◆ What you have to do
Every record, from the first to the last, is to be printed again exactly.

.....

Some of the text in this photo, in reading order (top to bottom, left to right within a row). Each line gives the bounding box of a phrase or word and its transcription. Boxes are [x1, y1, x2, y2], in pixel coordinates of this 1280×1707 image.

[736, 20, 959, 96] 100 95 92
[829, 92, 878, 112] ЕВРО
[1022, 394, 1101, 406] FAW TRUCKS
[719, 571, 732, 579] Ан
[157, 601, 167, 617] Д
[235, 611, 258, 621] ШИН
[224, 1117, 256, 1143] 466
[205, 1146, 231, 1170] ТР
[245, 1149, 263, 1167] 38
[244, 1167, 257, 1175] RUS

.....

◆ Written solution
Some of the text in this photo, in reading order (top to bottom, left to right within a row). Each line gives the bounding box of a phrase or word and its transcription. Boxes are [x1, y1, x2, y2], in pixel coordinates of this 1280×1707 image.

[736, 20, 959, 96] 100 95 92
[829, 92, 878, 112] ЕВРО
[1022, 394, 1101, 406] FAW TRUCKS
[719, 571, 732, 579] Ан
[157, 601, 167, 617] Д
[235, 611, 258, 621] ШИН
[224, 1117, 256, 1143] 466
[205, 1146, 231, 1170] ТР
[245, 1149, 263, 1167] 38
[244, 1167, 257, 1175] RUS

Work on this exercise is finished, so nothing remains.